Emulator-Assisted Nuclear DFT Inference and Its Consequences for the Structure of Neutron Stars
Pietro Klausner, Marco Antonelli, Gianluca Col\`o, Francesca Gulminelli, Xavier Roca-Maza, Enrico Vigezzi

TL;DR
This paper develops a Bayesian framework using emulators to improve nuclear density functional theory predictions for neutron star structure, incorporating diverse data and uncertainties.
Contribution
It introduces an updated Bayesian inference method with a Gaussian emulator for efficient high-dimensional parameter exploration in nuclear DFT.
Findings
Posteriors are constrained by isospin-sensitive data and astrophysical observations.
Bulk nuclear-matter parameters are well approximated by a Gaussian distribution.
Finite-nucleus parameters show significant non-Gaussian behavior.
Abstract
Nuclear density functional theory provides a unified description of finite nuclei and bulk nuclear matter, and is widely used to model the neutron star equation of state. However, extrapolations to supra-saturation densities require a quantified treatment of uncertainties arising from parameter estimation and functional choices. We present an updated Bayesian inference of a Skyrme energy density functional augmented by a flexible meta-model density dependence at high density.

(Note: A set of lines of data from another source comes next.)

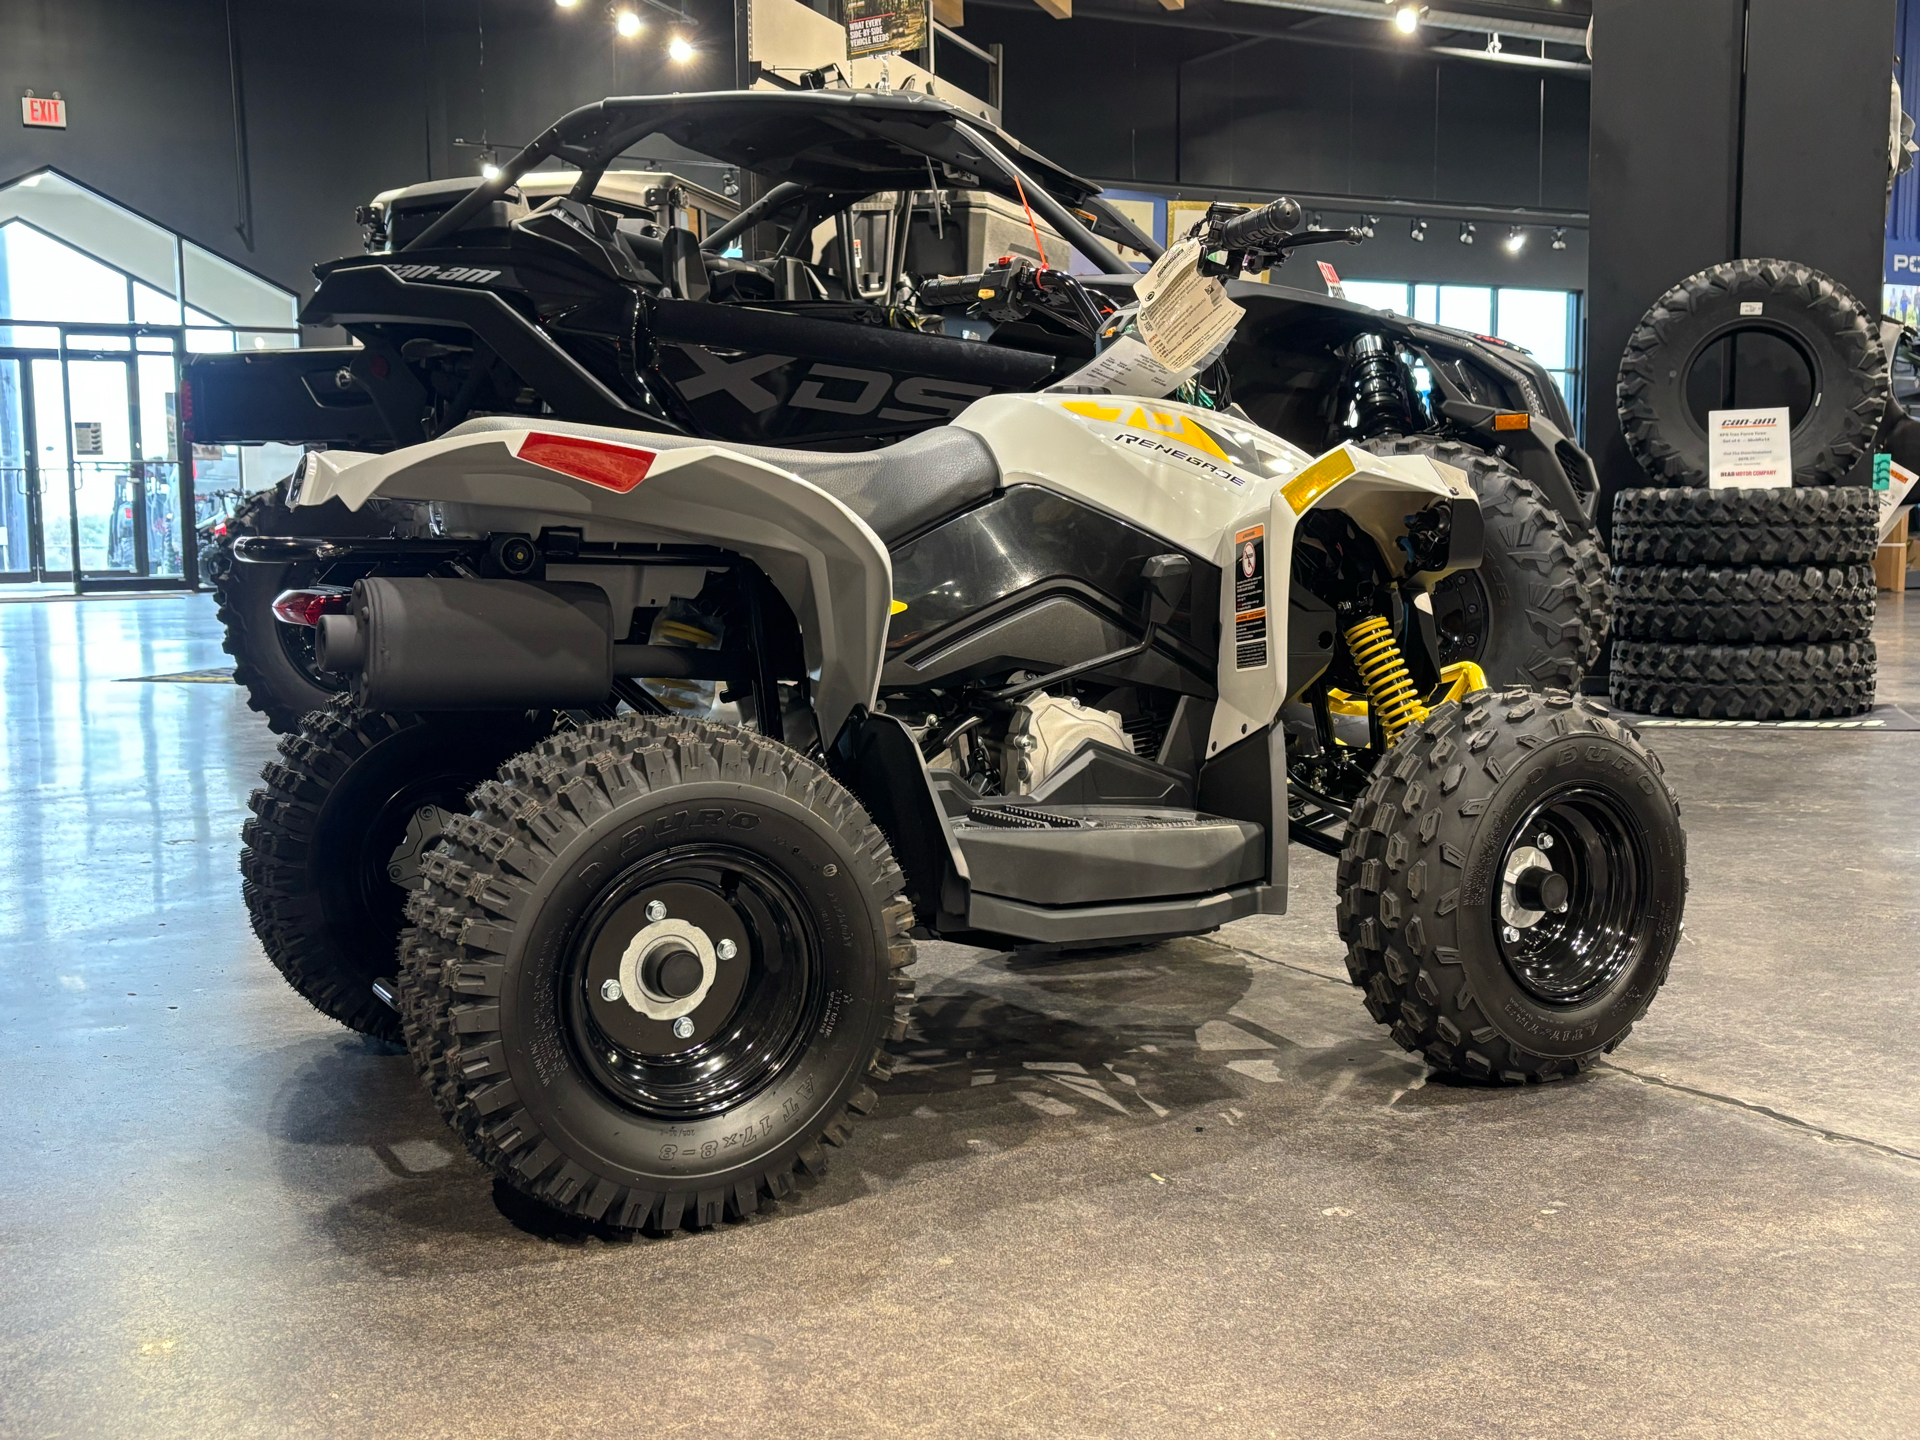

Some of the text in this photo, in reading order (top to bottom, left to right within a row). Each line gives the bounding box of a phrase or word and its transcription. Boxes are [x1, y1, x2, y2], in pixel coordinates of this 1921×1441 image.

[849, 18, 882, 31] WHAT EVERY
[850, 26, 883, 39] SIDE-BY-SIDE
[850, 33, 890, 47] VEHICLE NEEDS
[30, 99, 59, 123] EXIT
[675, 342, 993, 422] XDS
[1721, 418, 1777, 426] can-am
[1114, 434, 1246, 487] RENEGADE
[1556, 745, 1657, 795] DURO
[619, 808, 762, 859] DURO

Nuclear observables are computed using a Gaussian emulator of the publicly available Milano HFBCS-QRPA code, enabling efficient exploration of a high-dimensional parameter space. Relative to previous analyses, we extend the calibration set with isospin-sensitive data, including masses and charge radii along selected Ca and Sn isotopic chains, and updated constraints from giant monopole resonances. The resulting…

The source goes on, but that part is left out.